Email updates

Keep up to date with the latest news and content from BMC Plant Biology and BioMed Central.

Open Access Research article

BAC libraries construction from the ancestral diploid genomes of the allotetraploid cultivated peanut

Patricia M Guimarães1*, Olivier Garsmeur2, Karina Proite13, Soraya CM Leal-Bertioli1, Guilhermo Seijo4, Christian Chaine2, David J Bertioli5 and Angelique D'Hont2

Author Affiliations

1 Biotechnology Unit, Embrapa Genetic Resources and Biotechnology, Brasília, DF, Brazil

2 Centre de Coopération International en Recherche Agronomique pour le Developpement (CIRAD), Montpellier, France

3 Cell Biology Department, IB-University of Brasília (UnB), Brasília, DF, Brazil

4 Plant Cytogenetics and Evolution Laboratory, Instituto de Botánica del Nordeste, Corrientes, Argentina

5 Biotechnology and Genomic Sciences Department, Campus II Catholic University of Brasília, Brasília, DF, Brazil

For all author emails, please log on.

BMC Plant Biology 2008, 8:14  doi:10.1186/1471-2229-8-14

Published: 29 January 2008

Abstract

Background

Cultivated peanut, Arachis hypogaea is an allotetraploid of recent origin, with an AABB genome.
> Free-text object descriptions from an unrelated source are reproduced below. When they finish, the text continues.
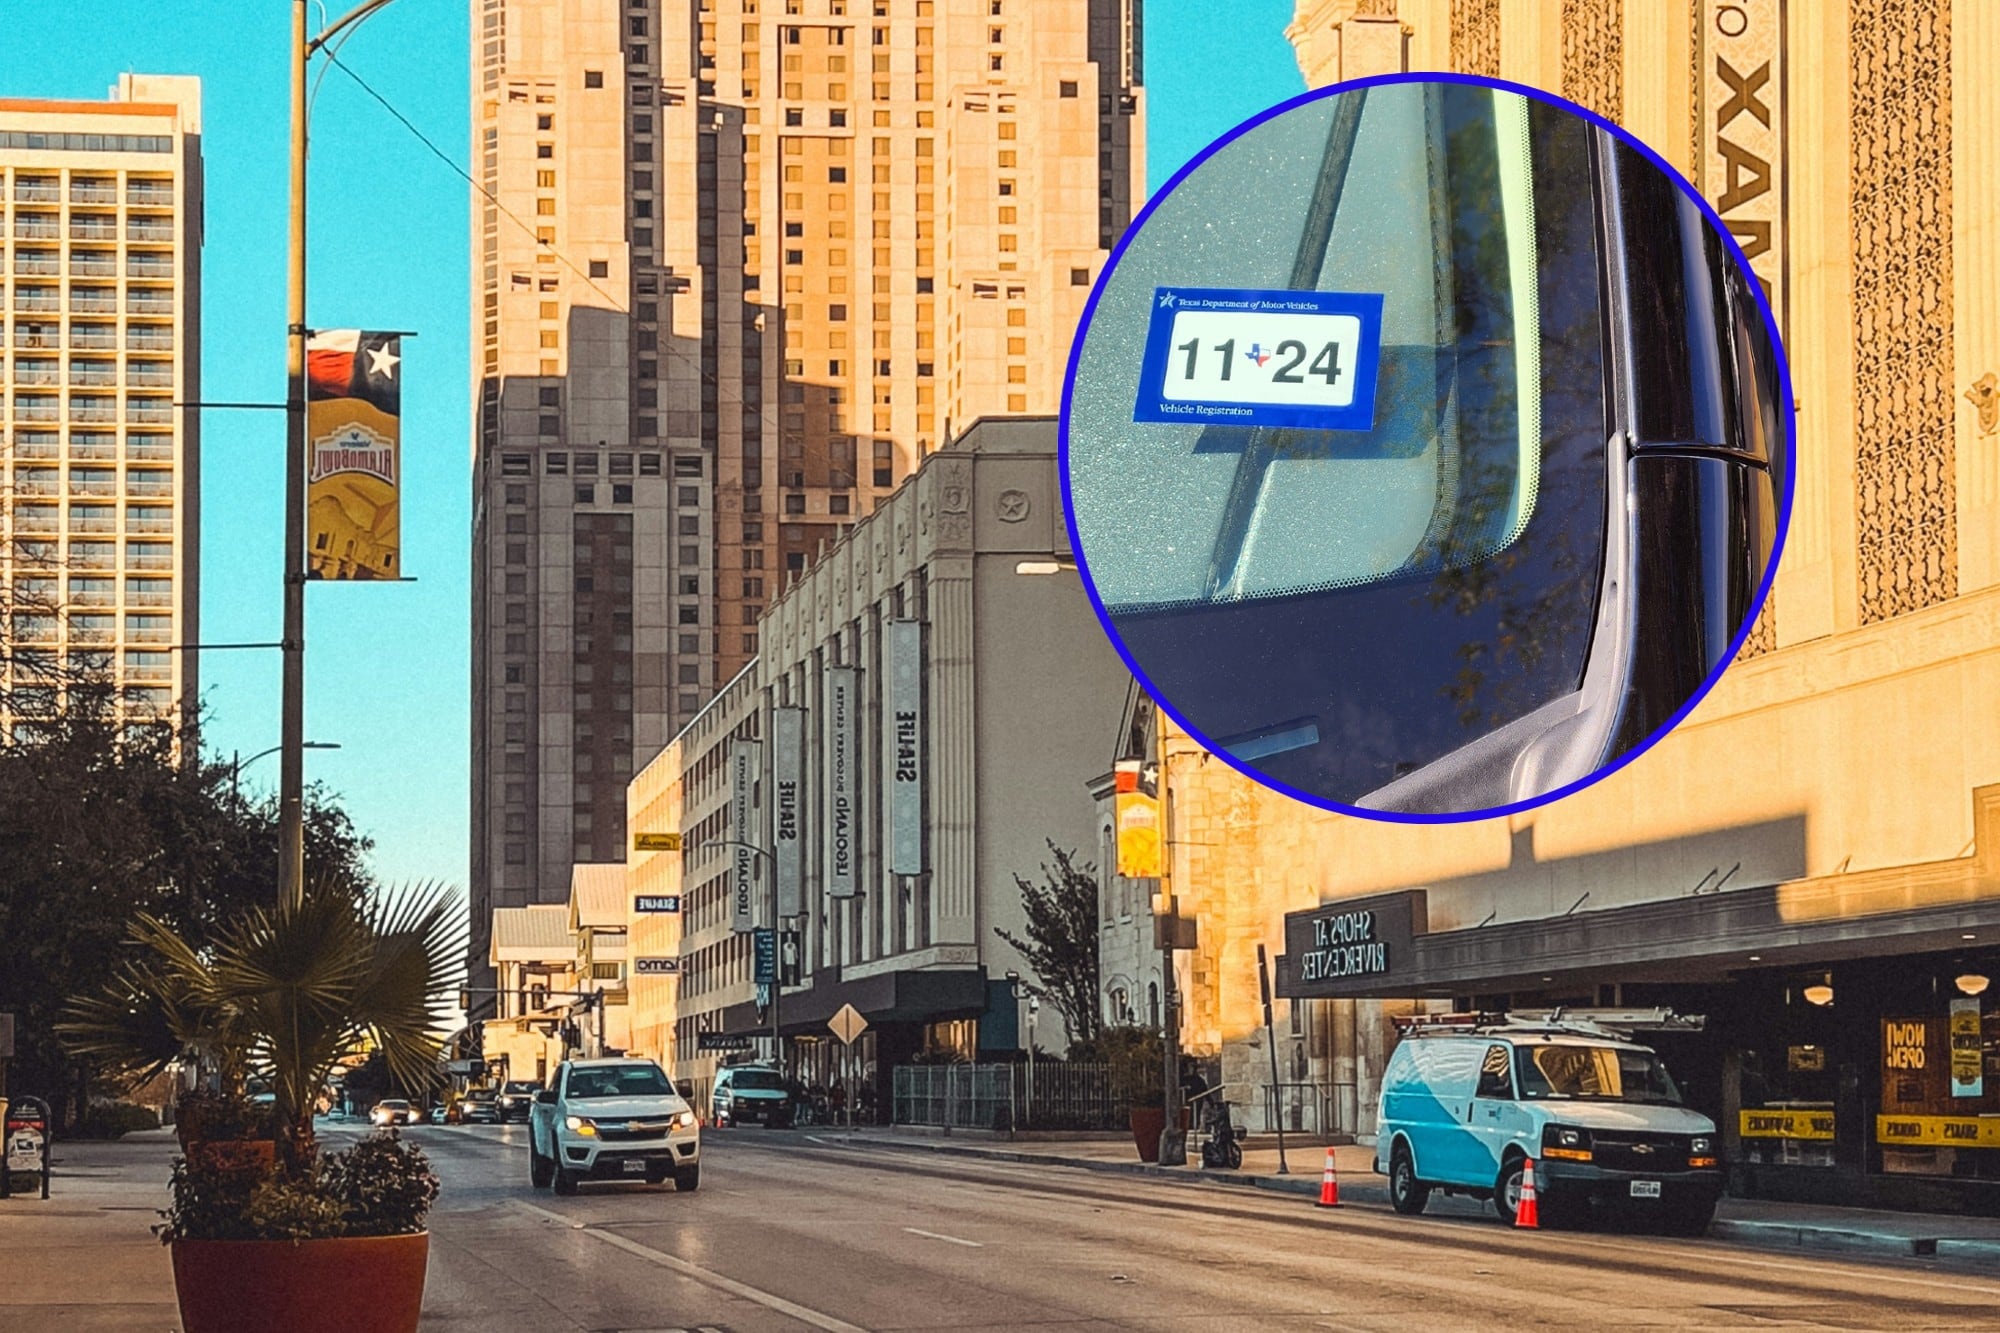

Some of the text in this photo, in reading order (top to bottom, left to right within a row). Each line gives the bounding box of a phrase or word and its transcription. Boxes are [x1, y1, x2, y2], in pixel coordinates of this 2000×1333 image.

[1178, 298, 1319, 311] Texas Department of Motor Vehicles
[1178, 337, 1342, 386] 11 24
[1160, 403, 1253, 416] Vehicle Registration
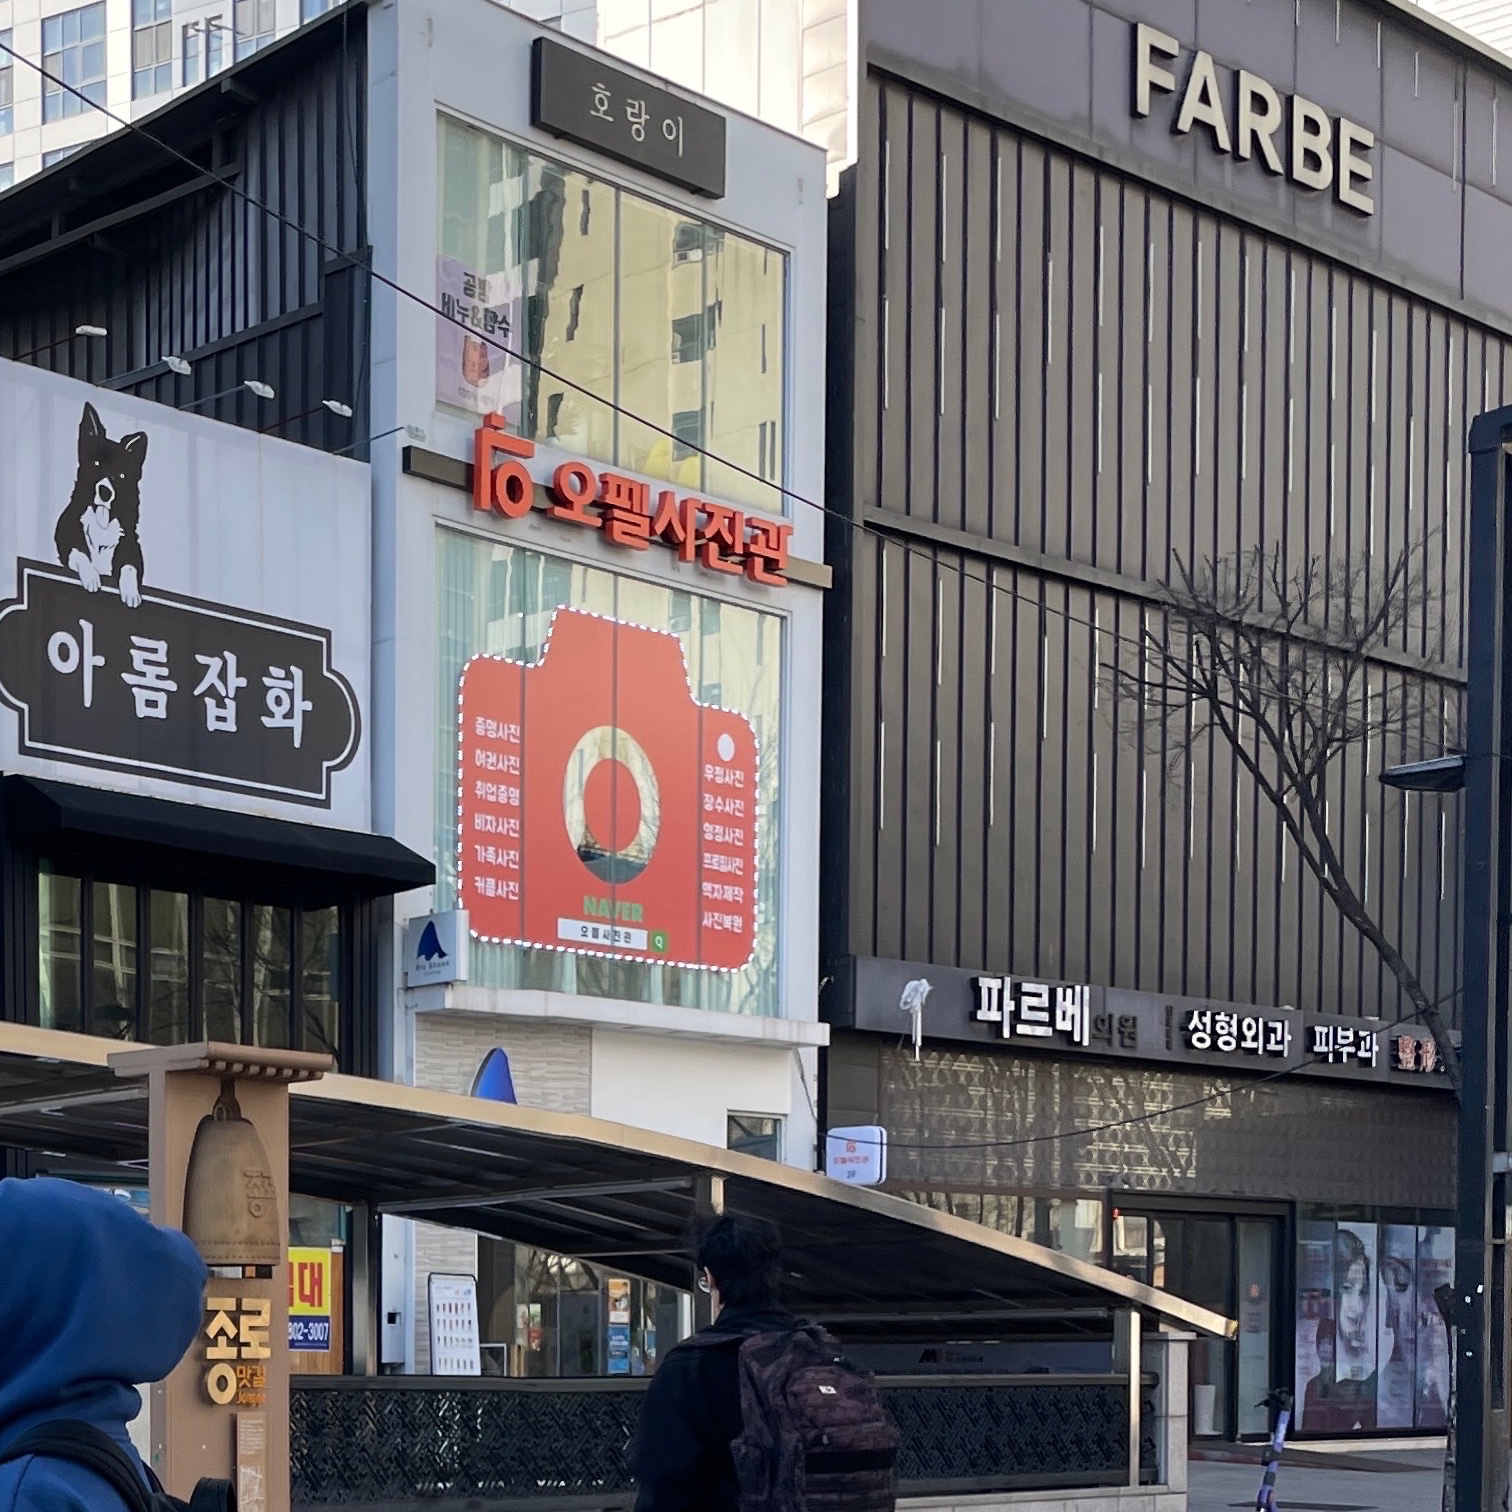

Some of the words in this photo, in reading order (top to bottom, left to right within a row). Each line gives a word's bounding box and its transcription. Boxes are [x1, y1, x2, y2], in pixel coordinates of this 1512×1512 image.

[588, 81, 685, 158] 호랑이
[1134, 22, 1375, 216] FARBE
[546, 461, 794, 588] 오펠사진관
[47, 618, 315, 750] 아롬잡화
[474, 716, 520, 743] 증명사진
[474, 749, 520, 775] 여권사진
[704, 764, 744, 788] 우정사진
[474, 780, 520, 806] 취업증명
[703, 793, 744, 817] 장수사진
[474, 813, 520, 838] 비자사진
[474, 845, 519, 869] 가족사진
[474, 876, 519, 900] 커플사진
[583, 895, 643, 923] NAVER
[976, 976, 1090, 1046] 파르베
[1091, 1013, 1138, 1049] 의원
[1188, 1010, 1292, 1057] 성형외과
[1313, 1025, 1380, 1067] 피부과
In common with many other polyploids, it seems that a severe genetic bottle-neck was imposed at the species origin, via hybridisation of two wild species and spontaneous chromosome duplication. Therefore, the study of the genome of peanut is hampered both by the crop's low genetic diversity and its polyploidy. In contrast to cultivated peanut, most wild Arachis species are diploid with high genetic diversity. The study of diploid Arachis genomes is therefore attractive, both to simplify the construction of genetic and physical maps, and for the isolation and characterization of wild alleles. The most probable wild ancestors of cultivated peanut are A. duranensis and A. ipaënsis with genome types AA and BB respectively.

Results

We constructed and characterized two large-insert libraries in Bacterial Artificial Chromosome (BAC) vector, one for each of the diploid ancestral species. The libraries (AA and BB) are respectively c. 7.4 and c. 5.3 genome equivalents with low organelle contamination and average insert sizes of 110 and 100 kb. Both libraries were used for the isolation of clones containing genetically mapped legume anchor markers (single copy genes), and resistance gene analogues.

Conclusion

These diploid BAC libraries are important tools for the isolation of wild alleles conferring resistances to biotic stresses, comparisons of orthologous regions of the AA and BB genomes with each other and with other legume species, and will facilitate the construction of a physical map.